Concept and effects of (birth) cohort

A cohort refers to a group of individuals who experience an initial event (e.g., marriage, college entrance) together within a similar period. In medical research, a cohort usually refers to a group recruited as study subjects at the same time point due to their shared clinical characteristics or diseases. In social science including demography or gerontology, a cohort means a birth cohort, a group of individuals born within a specified period. In his classic article [9], Norman Ryder explained that a cohort is defined as people born in a similar time range, entered into the existing social system together, and have similar historical, social, and cultural experiences across life courses. Therefore, cohort effects were generated by the interaction between individuals’ life histories and macro-socioeconomic effects. For example, “the unfortunate class of 1994” in Korea [10] specifically experienced confusions as they were the first generation of the University Scholastic Ability Test and the Academic Divisional System in colleges. As entering the job market during the economic crisis, they also underwent hardships in getting their jobs. Moreover, a more significant portion of the males of the cohort had to serve as active duty soldiers due to the abolition of the Local Soldier System in 1995. Such unfavorable experiences at the critical stages of life would have more considerable adverse effects on their socioeconomic accomplishments throughout their lives, which may bring about distinctive consequences on their health status when comparing to other cohorts.

Age and period effects

Cohort analysis aims to estimate the effects of cohort on the outcome of interest. It is also called APC analysis [11] because age and period effects should be considered when estimating cohort effects. To date, APC analysis has been widely used to better understand common interests of demographic and epidemiological research, such as morbidity, mortality, and aging. Age effects for epidemiological studies refer to variations caused by the accumulation of age-related or lifecycle-related exposure, a genetic manifestation of diseases, or physiological changes due to natural physical deterioration [12,13]. Period effects are variations in the time periods that affect all population in society regardless of age and cohort at the same time [12], which may reflect the influence of historical events, such as war, labor market situation, macro-economic changes, infectious disease outbreaks, and medical technology development.

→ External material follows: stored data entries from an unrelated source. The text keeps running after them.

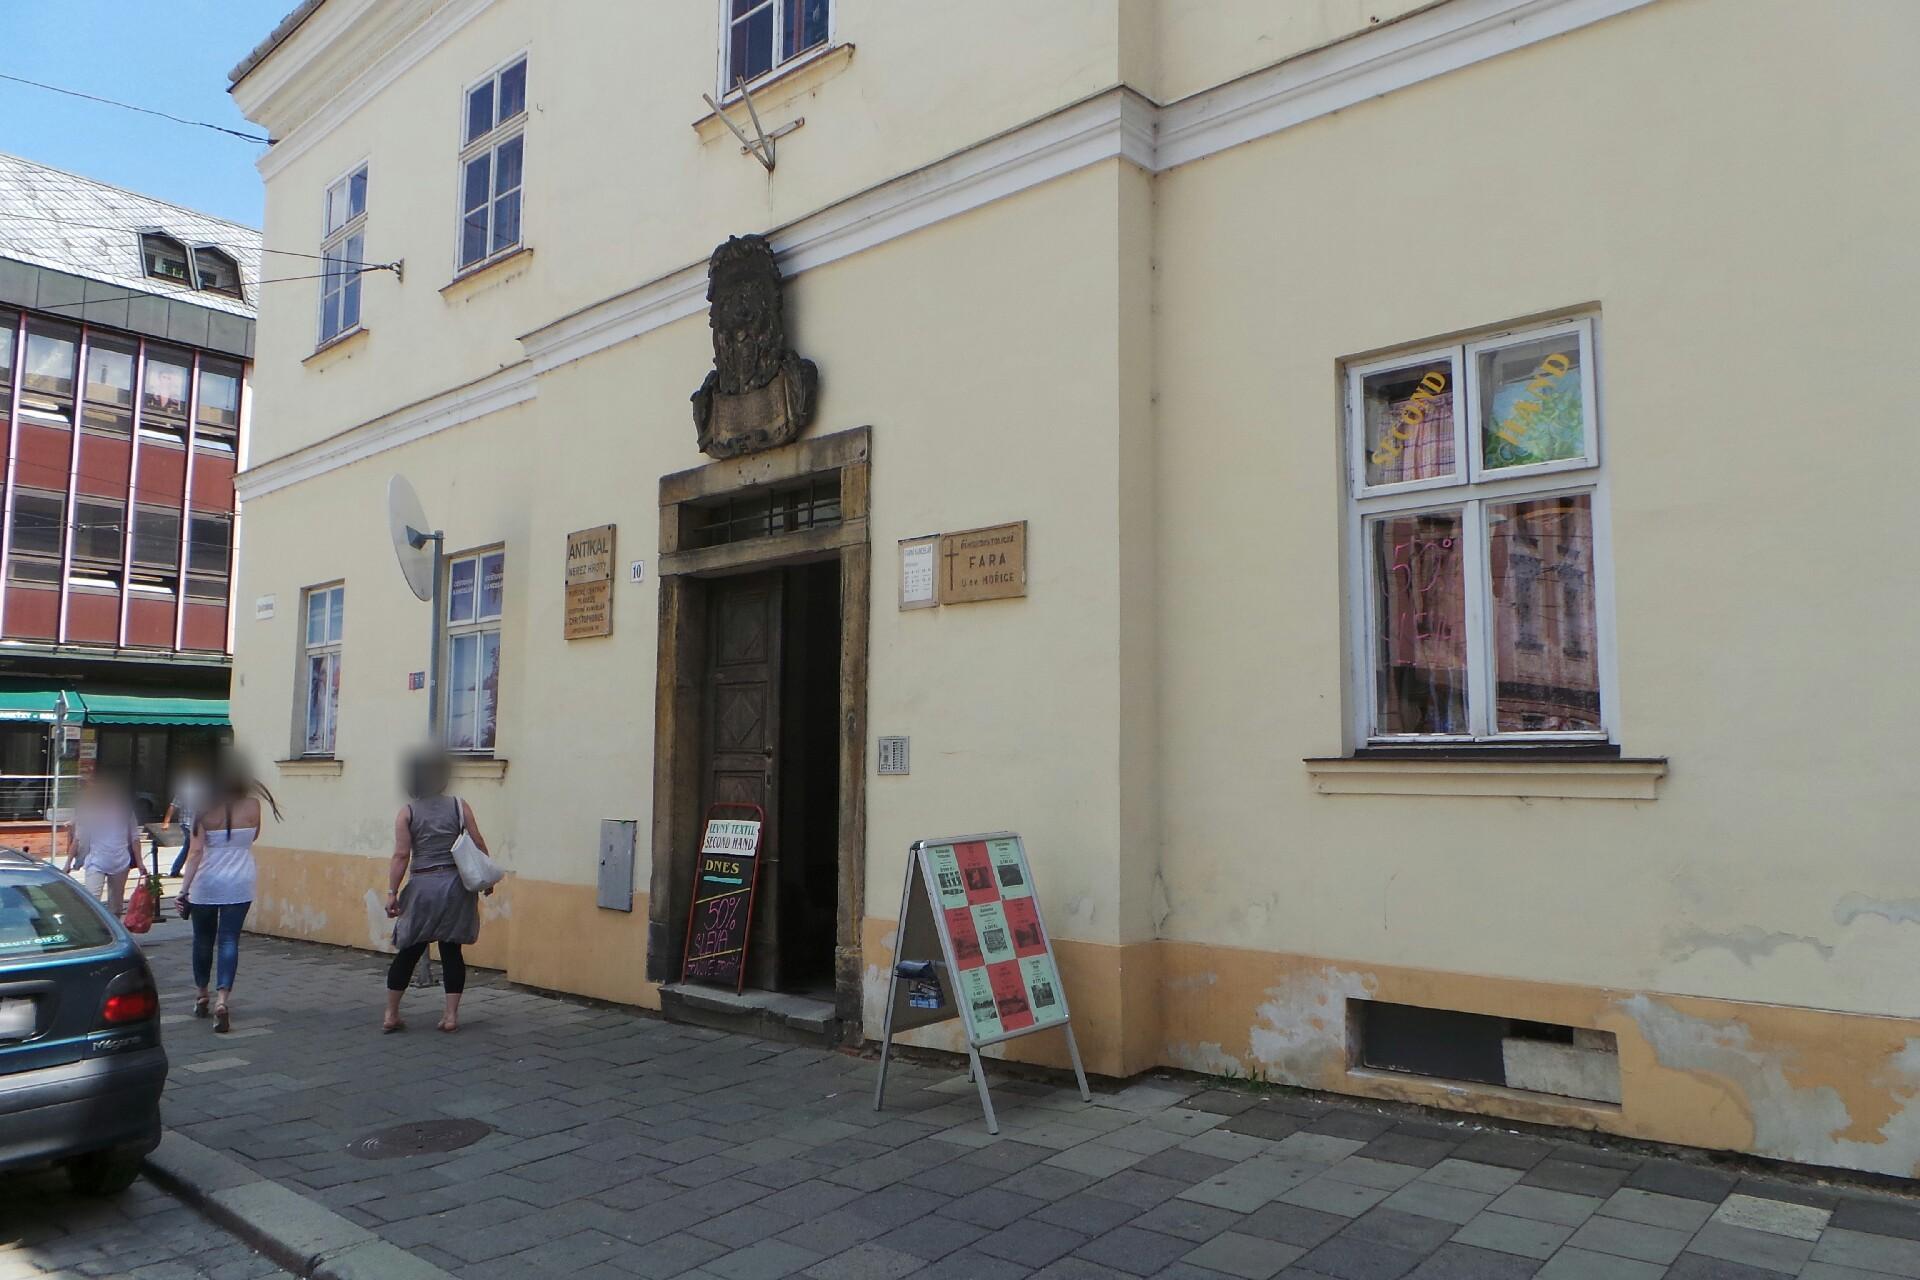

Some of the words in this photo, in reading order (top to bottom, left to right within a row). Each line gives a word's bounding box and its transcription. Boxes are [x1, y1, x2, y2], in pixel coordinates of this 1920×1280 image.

[568, 538, 609, 561] ANTIKAL
[969, 552, 1007, 569] FARA
[633, 564, 642, 579] 10
[709, 822, 730, 835] LEVNÝ
[731, 824, 756, 836] TEXTIL
[704, 836, 731, 849] SECOND
[732, 838, 754, 851] HAND
[705, 859, 740, 874] DNES
[704, 897, 741, 930] 50%

Each of these three time-related factors has conceptually independent pathway to affect individuals’ health status or health inequalities in society. Therefore, to understand the long-term changes, it is essential to estimate the independent effects of the three factors simultaneously by using the APC analysis.

IDENTIFICATION PROBLEM AND HISTORICAL EVOLUTION OF AGE-PERIOD-COHORT ANALYSIS

Since the concept of the cohort has established, researchers have actively explored statistical methodologies to estimate cohort effects. It is a conundrum of APC analysis that the conventional linear regression model fails to discern cohort effects due to the perfect linear-dependent relationship (cohort = period-age) of the three time-related variables. It is also known as “identification (ID) problem.”

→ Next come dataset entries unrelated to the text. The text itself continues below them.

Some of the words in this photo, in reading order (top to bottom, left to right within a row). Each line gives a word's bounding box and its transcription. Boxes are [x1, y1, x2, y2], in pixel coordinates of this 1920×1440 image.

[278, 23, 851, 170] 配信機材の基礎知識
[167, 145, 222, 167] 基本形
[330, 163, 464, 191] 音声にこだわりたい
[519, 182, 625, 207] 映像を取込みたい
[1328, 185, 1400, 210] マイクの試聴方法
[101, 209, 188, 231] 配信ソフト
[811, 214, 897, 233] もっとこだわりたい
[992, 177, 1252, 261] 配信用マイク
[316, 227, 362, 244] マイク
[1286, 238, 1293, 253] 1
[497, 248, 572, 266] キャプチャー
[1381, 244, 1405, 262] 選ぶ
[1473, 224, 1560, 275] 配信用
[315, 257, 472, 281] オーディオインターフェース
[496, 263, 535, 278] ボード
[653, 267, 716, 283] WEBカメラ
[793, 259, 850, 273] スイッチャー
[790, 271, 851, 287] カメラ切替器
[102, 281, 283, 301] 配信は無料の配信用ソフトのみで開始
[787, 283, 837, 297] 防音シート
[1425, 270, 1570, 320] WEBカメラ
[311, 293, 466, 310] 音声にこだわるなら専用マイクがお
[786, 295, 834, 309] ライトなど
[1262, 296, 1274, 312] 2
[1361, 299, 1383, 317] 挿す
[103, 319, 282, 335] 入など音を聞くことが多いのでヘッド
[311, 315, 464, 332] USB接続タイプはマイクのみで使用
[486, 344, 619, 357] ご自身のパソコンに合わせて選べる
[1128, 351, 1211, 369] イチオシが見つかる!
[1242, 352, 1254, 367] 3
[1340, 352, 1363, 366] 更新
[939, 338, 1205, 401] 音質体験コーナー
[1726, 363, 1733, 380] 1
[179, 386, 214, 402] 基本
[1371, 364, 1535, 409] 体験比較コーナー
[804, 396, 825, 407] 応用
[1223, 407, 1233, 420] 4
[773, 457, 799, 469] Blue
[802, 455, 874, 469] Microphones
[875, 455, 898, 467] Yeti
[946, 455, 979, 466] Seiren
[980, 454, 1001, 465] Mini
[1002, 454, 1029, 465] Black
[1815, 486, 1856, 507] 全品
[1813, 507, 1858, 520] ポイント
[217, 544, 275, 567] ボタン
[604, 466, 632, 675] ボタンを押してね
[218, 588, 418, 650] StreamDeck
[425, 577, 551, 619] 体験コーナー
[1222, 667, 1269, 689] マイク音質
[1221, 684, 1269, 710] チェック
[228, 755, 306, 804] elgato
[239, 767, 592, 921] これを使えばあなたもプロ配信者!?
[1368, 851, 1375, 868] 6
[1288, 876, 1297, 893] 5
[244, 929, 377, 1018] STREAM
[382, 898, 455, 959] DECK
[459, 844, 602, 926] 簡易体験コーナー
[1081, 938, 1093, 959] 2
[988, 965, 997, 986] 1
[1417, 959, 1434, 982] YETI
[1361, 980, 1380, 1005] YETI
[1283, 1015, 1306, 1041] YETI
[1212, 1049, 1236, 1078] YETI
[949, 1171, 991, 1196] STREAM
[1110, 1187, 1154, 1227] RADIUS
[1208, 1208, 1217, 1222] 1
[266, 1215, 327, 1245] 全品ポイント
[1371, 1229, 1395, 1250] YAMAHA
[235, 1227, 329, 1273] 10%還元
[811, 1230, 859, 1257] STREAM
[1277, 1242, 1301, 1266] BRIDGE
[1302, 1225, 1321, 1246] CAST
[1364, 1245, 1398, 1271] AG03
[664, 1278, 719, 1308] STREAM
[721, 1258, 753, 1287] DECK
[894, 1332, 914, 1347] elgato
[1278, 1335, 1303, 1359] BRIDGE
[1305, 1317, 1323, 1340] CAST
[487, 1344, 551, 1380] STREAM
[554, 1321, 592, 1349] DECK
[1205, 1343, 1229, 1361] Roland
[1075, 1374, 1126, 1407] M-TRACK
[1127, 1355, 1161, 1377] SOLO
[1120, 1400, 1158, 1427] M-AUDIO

Researchers have suggested various analytic methods to solve the ID problem. Two methodologies emerged in the 1970s to 1980s were nonlinear models [14] and constrained generalized linear models [15]. The nonlinear models treat at least one of age, period, and cohort as continuous variables, which is then incorporated into the regression model as quadric, cubic, or higher order functions [16]. Setting one or more variables to have a nonlinear relationship with a dependent variable breaks the perfect linear relationship, and enables to estimate the coefficients of the three time variables. Constrained generalized linear models address the ID problem by having an equality constrain, which is derived from an assumption that effects of two adjacent groups of ages, periods, or cohorts are the same.

Although these two methodologies allowed to estimate coefficient vectors of age, period, and cohort, both methodologies have one crucial limitation: to determine a functional form in a nonlinear model or an equality constraint in a constrained linear model, a researcher should rely on a robust theory or a priori knowledge. That means, it is impossible to estimate the coefficients when such a justification is unavailable. Moreover, as estimates are likely to be sensitive to the selection of the functional form or constraint, a researcher should not arbitrarily select them in any case [17].

Due to the limitations of the previous models, alternative methodologies to address the ID problem have been suggested. In the past decade, a new class of methodologies in the APC analysis that suggest innovative ways to address the ID problem was developed by Yang, Land, and Fu. They argued that the ID problem is a model-specific issue, rather than a data-specific one, and previous models had to deal with the ID problem as they were based on conventional linear regression models. They suggested APC analysis using IE [18]; and the cross-classified random effect model (CCREM) that applies a multi-level analytic framework [19] and the hierarchical APC (HAPC)-growth curve model. These models have been used widely in various academic areas [20-22].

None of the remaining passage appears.